“Unknown Attribute Name” exception while enabling SAML

You may see an “Unknown Attribute Name” exception when a SAML Identity Provider (IdP) returns the 'uid' profile attribute, but Hue which uses pysaml2 cannot interpret this attribute. To resolve this, you must create an attribute mapping file and then reference it in the libsaml configuration of Hue.

To resolve this issue:

  1. SSH into a Hue server as a root user.

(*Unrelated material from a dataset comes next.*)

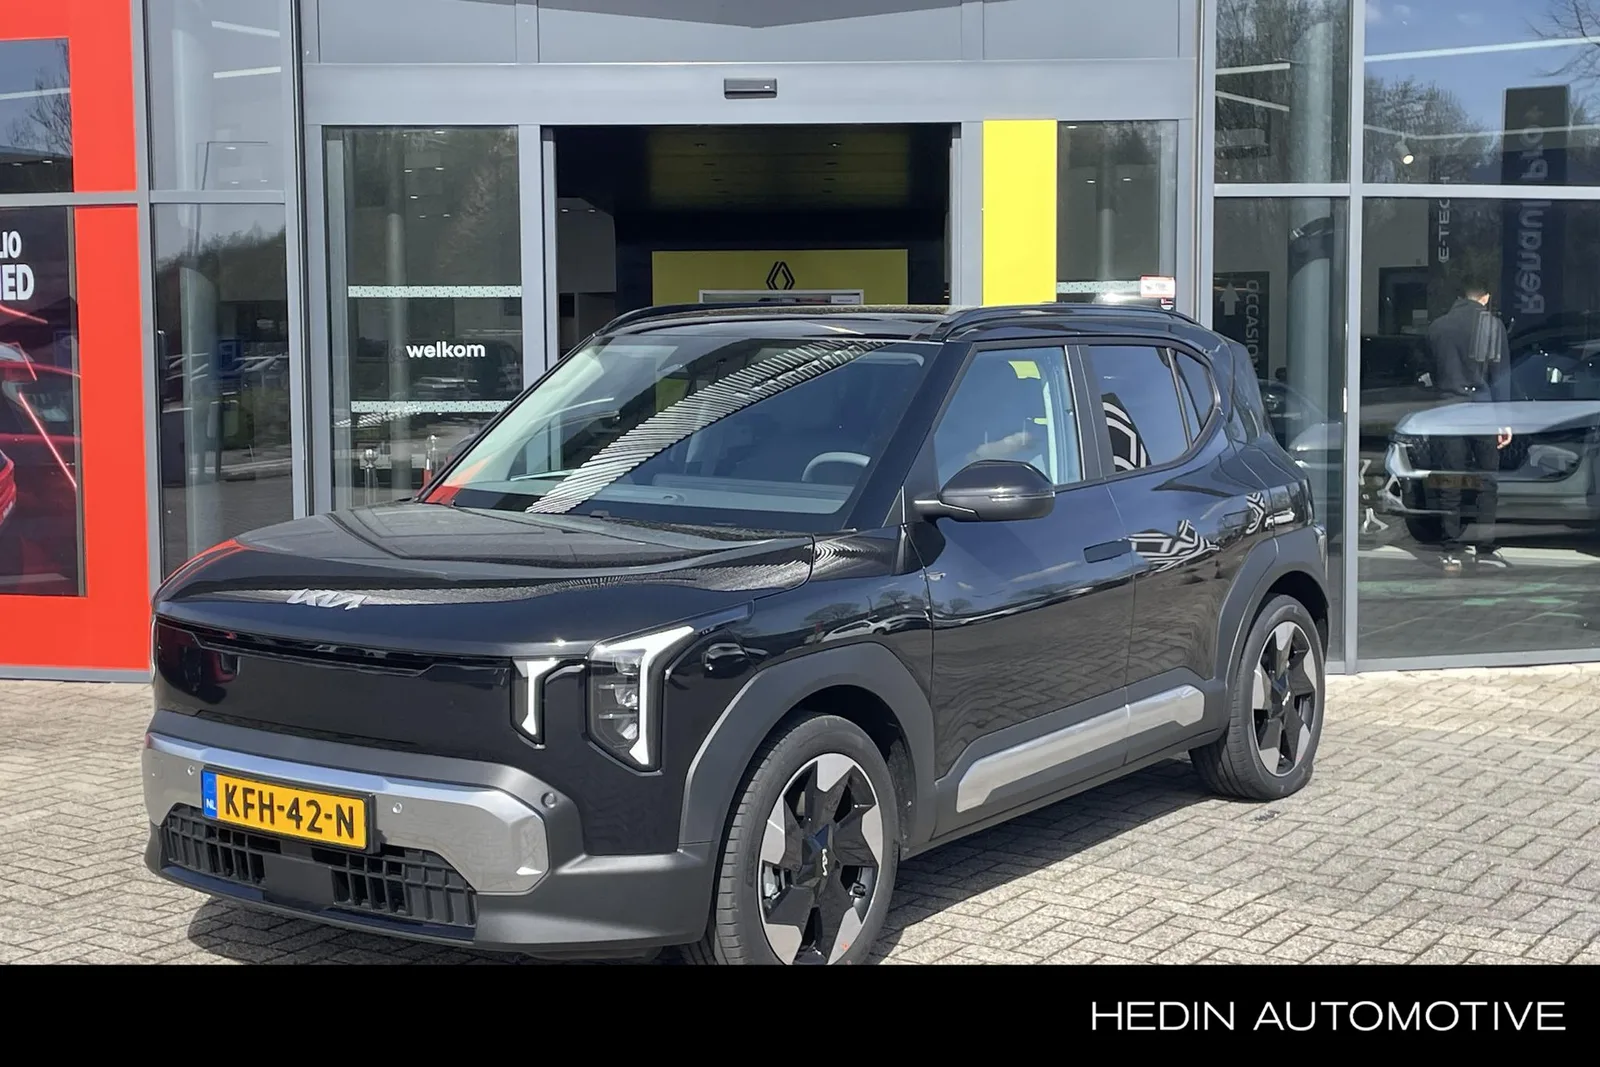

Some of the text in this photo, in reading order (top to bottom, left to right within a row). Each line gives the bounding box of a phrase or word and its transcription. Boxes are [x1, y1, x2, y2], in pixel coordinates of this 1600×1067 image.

[0, 264, 35, 301] ED
[406, 341, 486, 358] welkom
[206, 798, 217, 811] NL
[224, 782, 355, 839] KFH-42-N

  2. Create a attribute mapping directory as follows:
    mkdir -p /opt/cloudera/security/saml/attribute_mapping
  3. Create an attribute mapping file as follows:
    vi /opt/cloudera/security/saml/attribute_mapping/saml_uri.py
  4. Add the following lines into the saml_uri.py file:
    MAP = {
        "identifier": "urn:oasis:names:tc:SAML:2.0:attrname-format:uri",
        "fro": {
            'uid': 'uid',
            },
        "to": {
            'uid': 'uid',
        }
    }
  5. Repeat steps 1 thru 4 on all the Hue hosts.

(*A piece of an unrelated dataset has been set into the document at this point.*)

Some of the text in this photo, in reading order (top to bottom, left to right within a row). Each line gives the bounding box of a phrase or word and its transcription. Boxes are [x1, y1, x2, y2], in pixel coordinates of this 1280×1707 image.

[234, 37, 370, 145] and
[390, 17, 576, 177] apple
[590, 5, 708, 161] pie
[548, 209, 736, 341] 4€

  6. Sign in to Cloudera Manager as an Administrator.
  7. Go to Clusters > $Hue service > Configuration and search safety valve.

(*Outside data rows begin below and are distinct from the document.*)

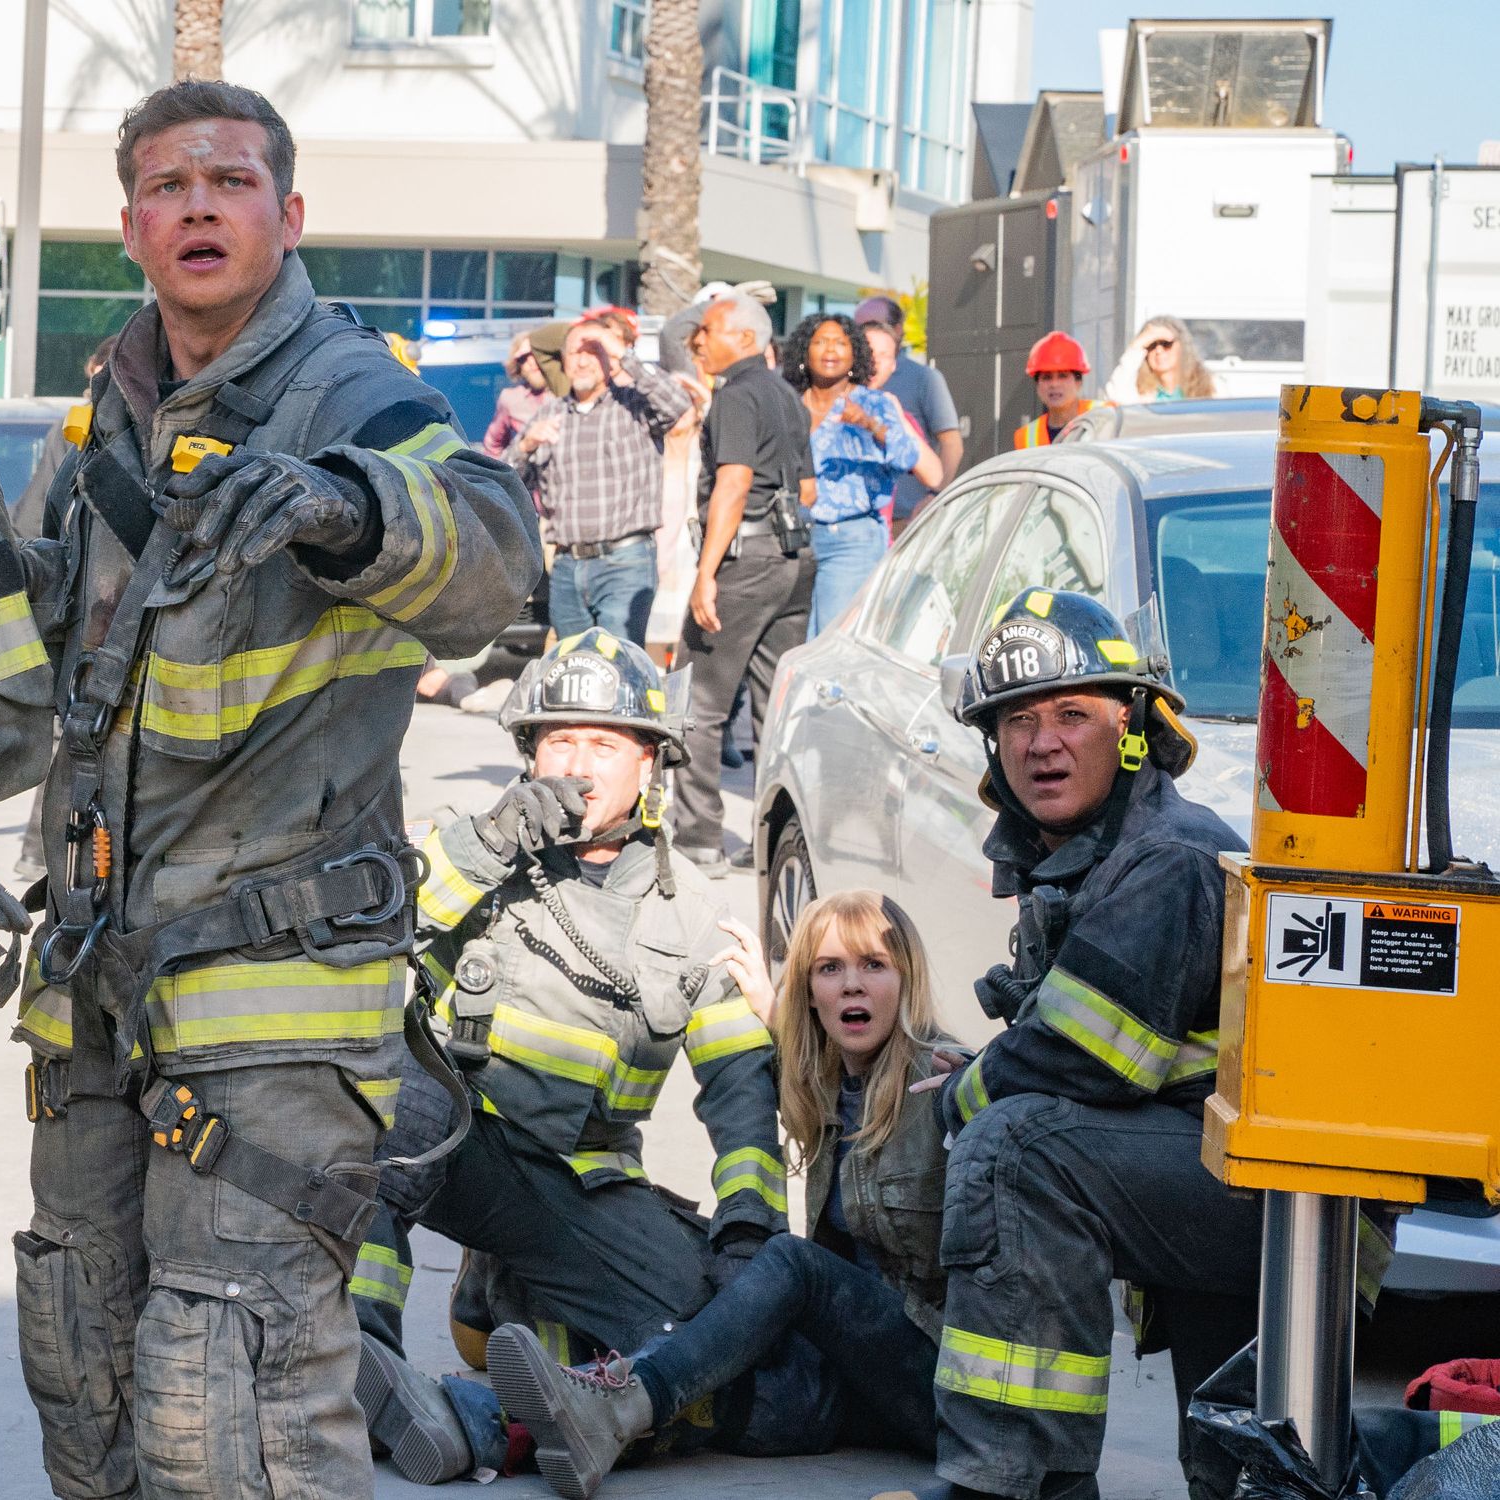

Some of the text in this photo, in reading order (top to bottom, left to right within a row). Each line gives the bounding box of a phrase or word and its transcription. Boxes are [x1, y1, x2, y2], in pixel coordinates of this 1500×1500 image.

[1474, 206, 1500, 229] SE
[1446, 305, 1471, 327] MAX
[1446, 330, 1477, 352] TARE
[984, 625, 1056, 661] LOS ANGELES
[547, 656, 614, 684] LOS ANGELES
[997, 646, 1040, 683] 118
[561, 673, 596, 703] 118
[1392, 907, 1451, 921] WARNING
[1371, 929, 1389, 937] Keep
[1404, 940, 1426, 948] beams
[1369, 964, 1422, 974] being operated.
[1385, 957, 1419, 965] outriggers

  8. Add the following lines in the Hue Service Advanced Configuration Snippet (Safety Valve) for hue_safety_valve.ini field:
    [libsaml]
    xmlsec_binary=/usr/bin/xmlsec1
    metadata_file=/opt/certs/saml/FederationMetadata.xml
    key_file=/opt/certs/hue.key
    cert_file=/opt/certs/hue.crt
    entity_id=hue-pri.unedic.intra
    logout_enabled=false
    username_source=attributes
    attribute_map_dir=/opt/cloudera/security/saml/attribute_mapping  
    #user_attribute_mapping='{"uid":"username"}'
  9. Click Save Changes.
  10. Restart the Hue service by clicking Actions > Restart.

The users should now be able to authenticate to Hue through SAML.